Note that in about 1 run out of 10, the script will run for longer than 0.1 seconds, so far always timing out at 0.2 seconds, but could presumably run for longer. I believe this occurs when the wait timeout triggers at a time that causes worker-1 to be resumed when the resource is available during the "Sleep without resource" step. The system falls back into a starvation pattern after that though.

I'm interested to hear your thoughts on what should be done to avoid this. Is this something that ruby or async should prevent? Or should a fiber-safe resource pool be written differently from a thread-safe resource pool? (e.g. explicitly yielding after releasing the resource if others are waiting)

brendar avatar Feb 01 '21 16:02 brendar

I'm just trying to understand the extent of the issue.

Are you saying there are some cases where the fiber is not fairly scheduled? i.e. in some cases, if two fibers are waiting on the same queue, only one fiber ever makes progress?

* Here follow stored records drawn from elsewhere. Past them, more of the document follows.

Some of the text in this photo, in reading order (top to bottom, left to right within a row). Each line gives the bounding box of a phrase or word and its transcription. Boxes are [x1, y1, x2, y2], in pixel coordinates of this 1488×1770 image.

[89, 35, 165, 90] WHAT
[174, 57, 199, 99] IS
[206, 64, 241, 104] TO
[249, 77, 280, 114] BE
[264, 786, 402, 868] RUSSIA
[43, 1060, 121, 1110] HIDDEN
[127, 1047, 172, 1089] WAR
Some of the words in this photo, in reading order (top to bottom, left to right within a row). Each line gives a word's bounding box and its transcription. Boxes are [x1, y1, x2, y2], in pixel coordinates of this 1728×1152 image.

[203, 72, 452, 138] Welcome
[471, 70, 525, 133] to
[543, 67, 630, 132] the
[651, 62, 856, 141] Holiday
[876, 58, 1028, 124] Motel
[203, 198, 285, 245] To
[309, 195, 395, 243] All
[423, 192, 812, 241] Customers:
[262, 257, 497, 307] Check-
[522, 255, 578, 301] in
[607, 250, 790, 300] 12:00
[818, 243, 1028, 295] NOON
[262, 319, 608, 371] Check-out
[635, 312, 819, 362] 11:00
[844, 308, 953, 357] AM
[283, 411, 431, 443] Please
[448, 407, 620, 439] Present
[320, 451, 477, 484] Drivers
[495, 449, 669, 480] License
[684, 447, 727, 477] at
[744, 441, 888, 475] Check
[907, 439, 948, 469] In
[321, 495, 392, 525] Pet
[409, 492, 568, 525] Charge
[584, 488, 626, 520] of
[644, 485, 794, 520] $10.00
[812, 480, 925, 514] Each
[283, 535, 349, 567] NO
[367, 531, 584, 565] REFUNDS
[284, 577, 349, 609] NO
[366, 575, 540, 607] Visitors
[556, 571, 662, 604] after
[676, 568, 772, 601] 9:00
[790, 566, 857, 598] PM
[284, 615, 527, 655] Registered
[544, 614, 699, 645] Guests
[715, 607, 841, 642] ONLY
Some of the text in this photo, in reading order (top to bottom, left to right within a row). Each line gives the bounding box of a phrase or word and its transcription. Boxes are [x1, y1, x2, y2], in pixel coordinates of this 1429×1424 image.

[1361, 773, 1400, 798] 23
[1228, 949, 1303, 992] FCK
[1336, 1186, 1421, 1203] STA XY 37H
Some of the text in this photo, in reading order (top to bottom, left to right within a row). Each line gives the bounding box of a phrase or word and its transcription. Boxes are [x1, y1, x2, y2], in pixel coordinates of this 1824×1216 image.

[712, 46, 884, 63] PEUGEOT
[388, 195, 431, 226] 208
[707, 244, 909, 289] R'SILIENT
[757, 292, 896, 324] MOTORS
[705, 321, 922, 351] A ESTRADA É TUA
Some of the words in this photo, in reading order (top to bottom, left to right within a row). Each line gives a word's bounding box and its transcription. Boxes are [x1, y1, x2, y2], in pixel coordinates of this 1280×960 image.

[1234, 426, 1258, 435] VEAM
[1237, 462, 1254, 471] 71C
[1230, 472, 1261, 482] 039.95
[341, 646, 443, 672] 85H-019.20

ioquatix avatar Feb 07 '21 04:02 ioquatix

Okay, I could reproduce the issue... let me consider what is going on.

ioquatix avatar Feb 07 '21 05:02 ioquatix

I tried adding this to the scheduler:

unblocked.sort_by!{rand}

But it turns out there is never more than one fiber getting unblocked at a time. It seems like the sequence of events always produces a predictable deadlock.

ioquatix avatar Feb 07 '21 05:02 ioquatix

  def release(resource)
    @mutex.synchronize do
      @available_resources << resource
      Logger.debug('Pool: Released resource. Signaling.')
      @waiter.signal
    end

    sleep(0)
  end

This seems to mitigate the problem by ensuring that the task that releases the pool resource doesn't immediately reacquire it.

ioquatix avatar Feb 07 '21 05:02 ioquatix

My guess, is mutex.unlock is not actually very fair - it's immediately scheduling the next available task. My guess is due to the order of operations, it's likely that we end up with a predictable order.

I would say that in order for this to work more fairly, we should check the implementation of mutex.unlock. Maybe we need to do random order, reverse order or some other order.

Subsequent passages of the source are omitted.